= Sidney S. Collie =

Sidney S. Collie (born February 19, 1950, Mayaguana) is the ambassador to the United States from the Bahamas. Appointed October 1, 2017, he presented his credentials to President Donald Trump on November 29, 2017. Besides being ambassador to the United States of America, he is also permanent representative to the Organization of American States, (OAS) and non-resident ambassador to Mexico, Columbia and Malaysia.

==Biography==
Collie graduated from Bahamas Teachers College (now University of the Bahamas). After working as a teacher for several years in the 1970s, he earned a bachelor's degree at the University of Miami on scholarship before earning a master's degree in English from Nova University in Florida.
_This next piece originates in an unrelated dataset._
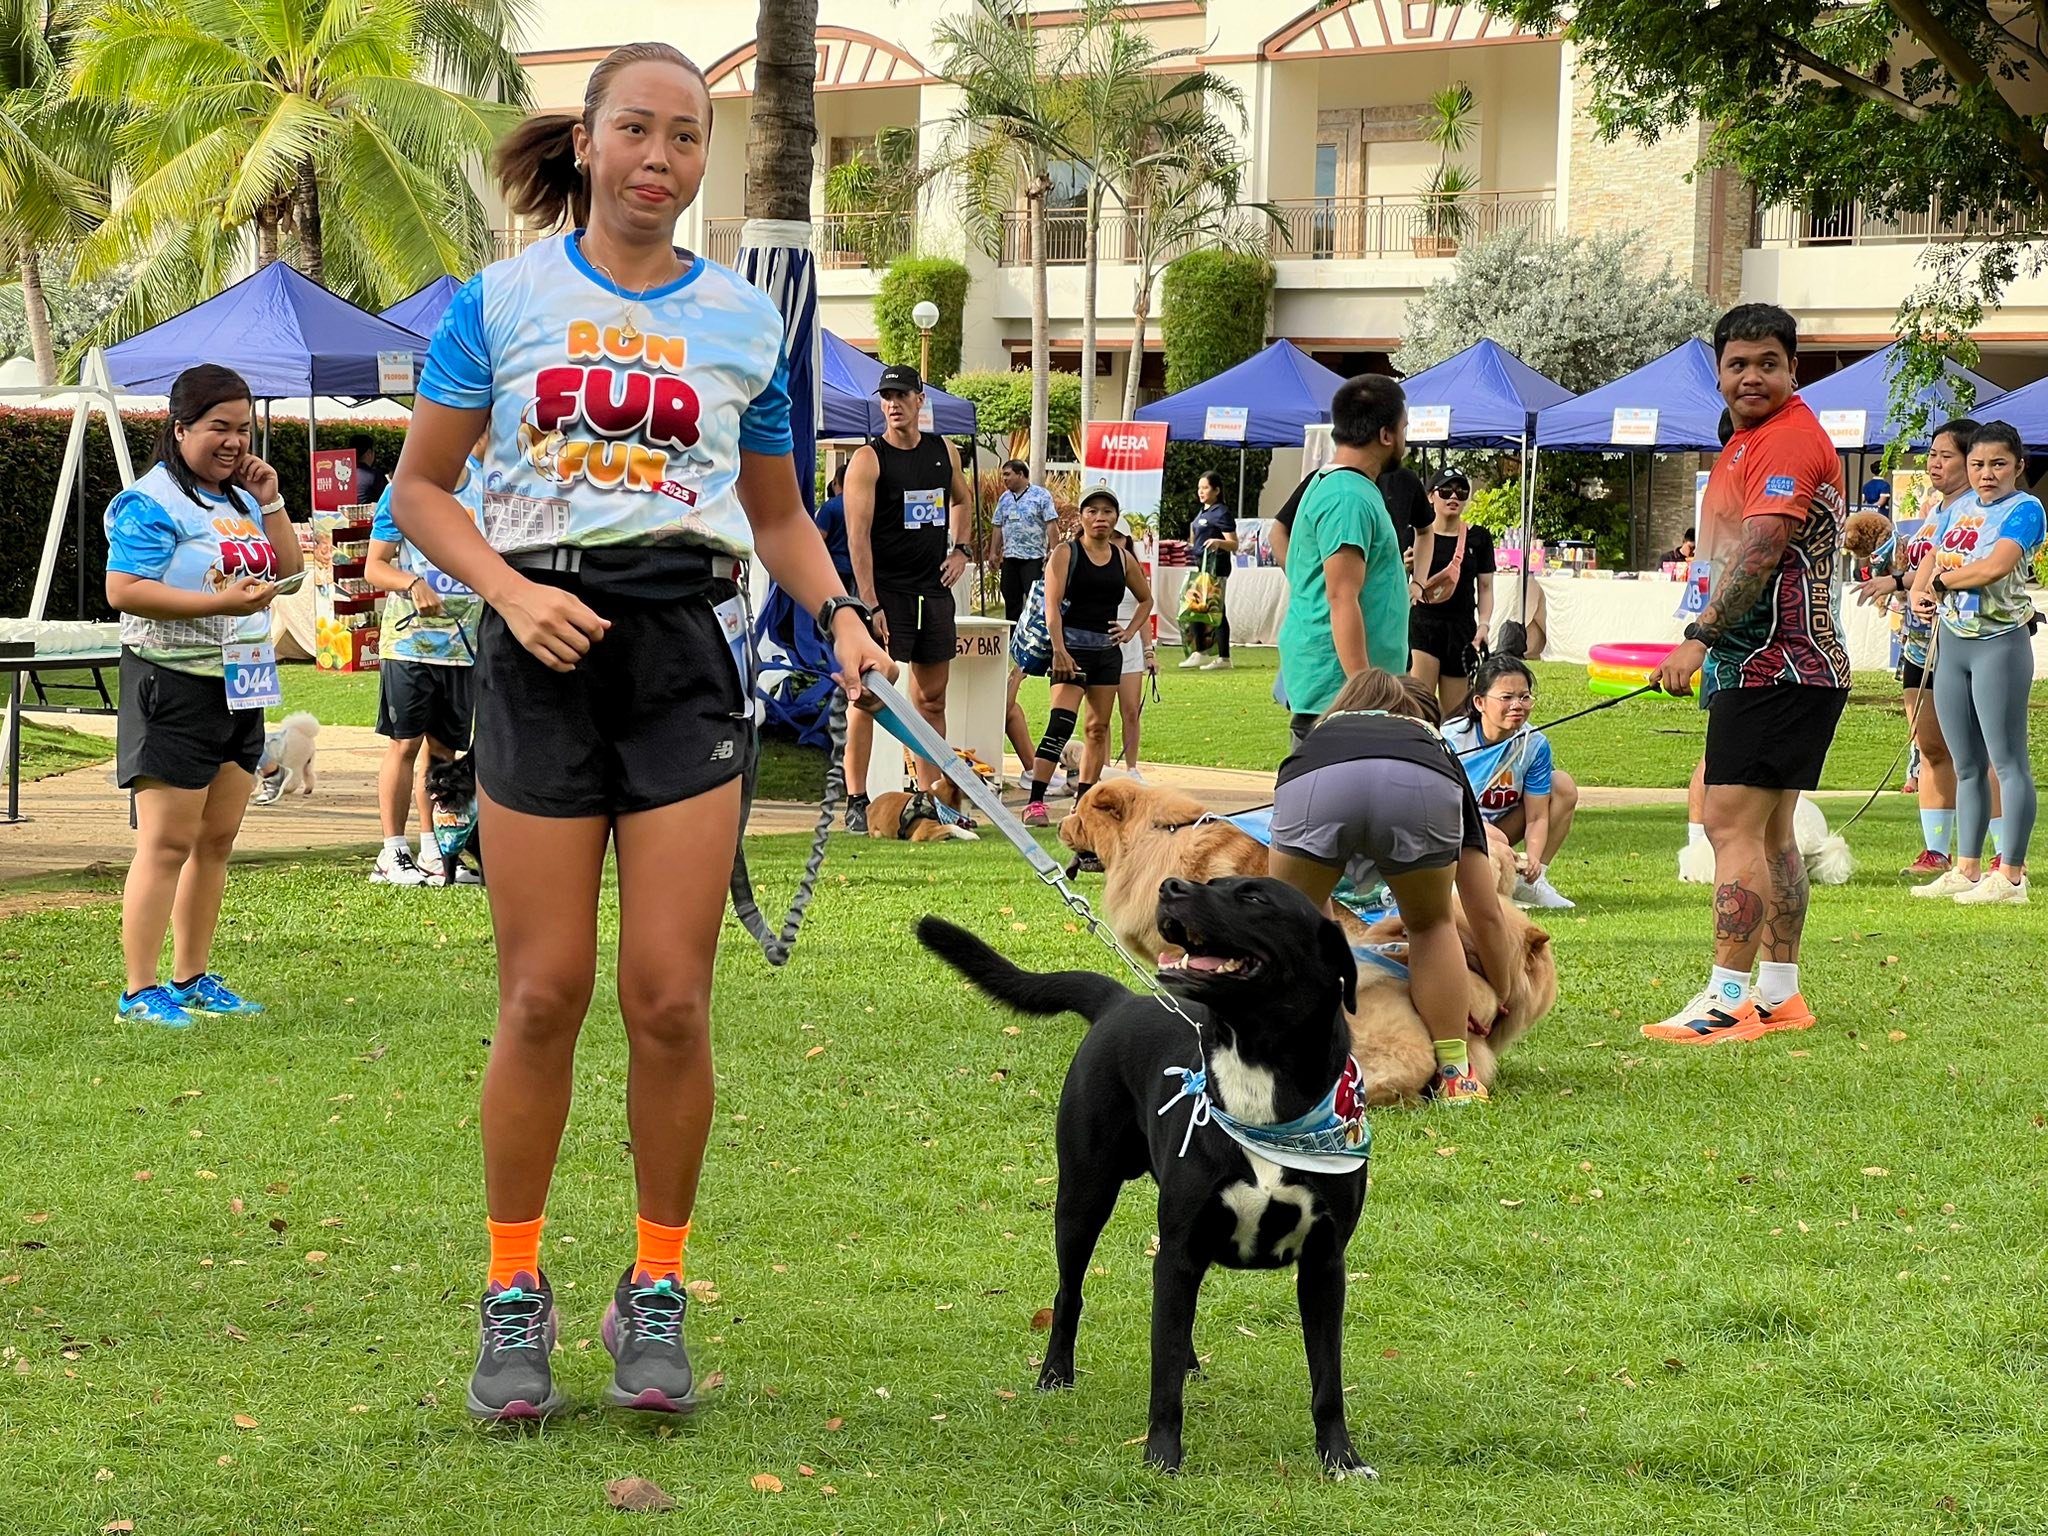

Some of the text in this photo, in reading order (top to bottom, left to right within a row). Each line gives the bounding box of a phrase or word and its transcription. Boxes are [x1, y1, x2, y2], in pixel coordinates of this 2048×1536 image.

He eventually left teaching to train to be a lawyer. He was admitted to the bar in November 1987 and opened a boutique law firm in 1993. His wife, Mavis Johnson-Collie, joined him in 2001, and they opened the Collie and Collie law firm.
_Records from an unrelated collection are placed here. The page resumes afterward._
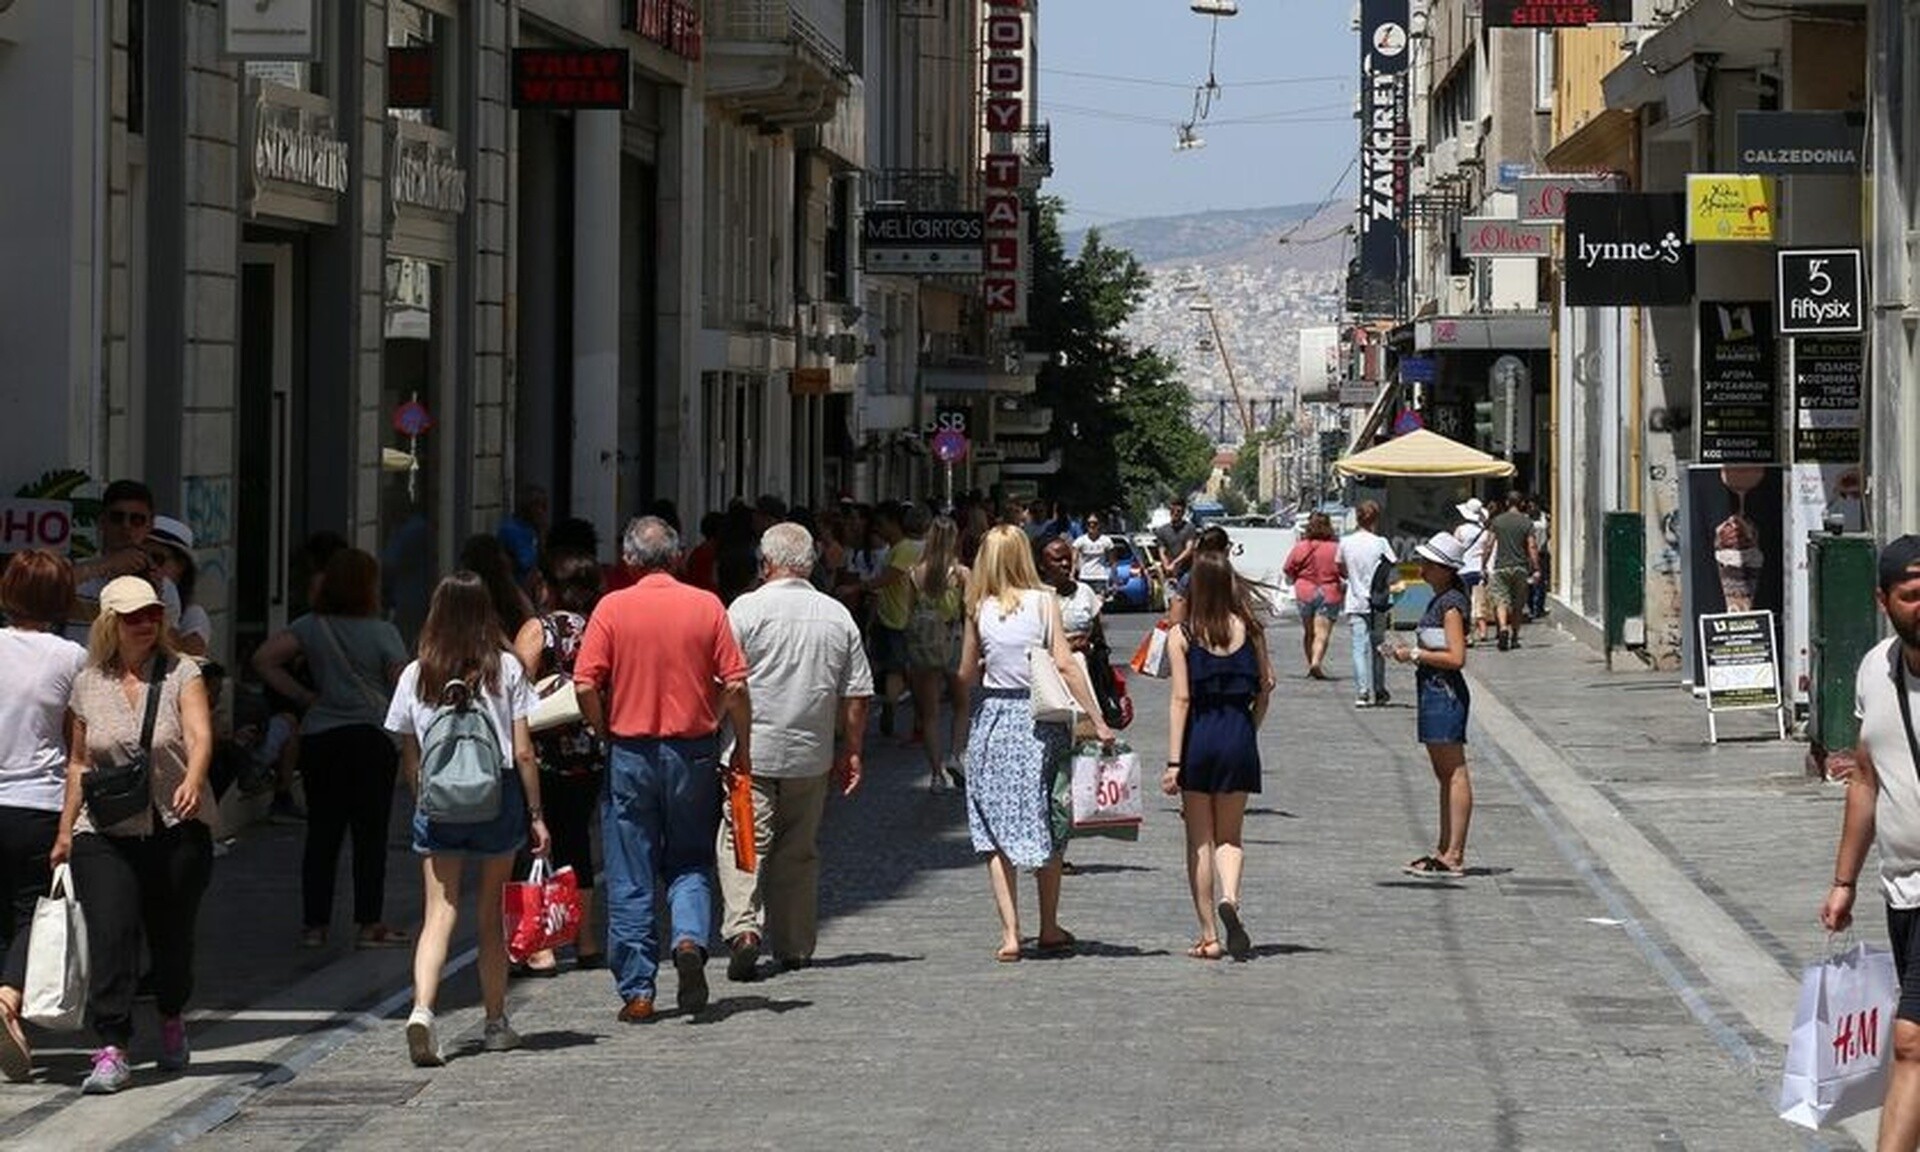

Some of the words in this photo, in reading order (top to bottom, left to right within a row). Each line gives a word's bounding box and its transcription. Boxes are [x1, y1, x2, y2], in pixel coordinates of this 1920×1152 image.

[990, 20, 1021, 127] ODY
[1743, 149, 1857, 164] CALZEDONIA
[986, 160, 1018, 306] TALK
[1578, 232, 1660, 268] lynne
[1791, 297, 1851, 324] fiftysix
[0, 510, 69, 545] HO
[1833, 1006, 1878, 1065] H&M
Collie was consecrated a minister of the Gospel at the Zion South Beach Baptist Church in New Providence, The Bahamas, was one of the founding ministers of Abundant Grace Church, New Providence and chairman of the Bahamas Baptist Board of Education.

==Career in government==
In 2007, Collie was appointed Minister of Lands and Local Government and from 2010 until 2012, was High Commissioner to CARICOM and Latin America.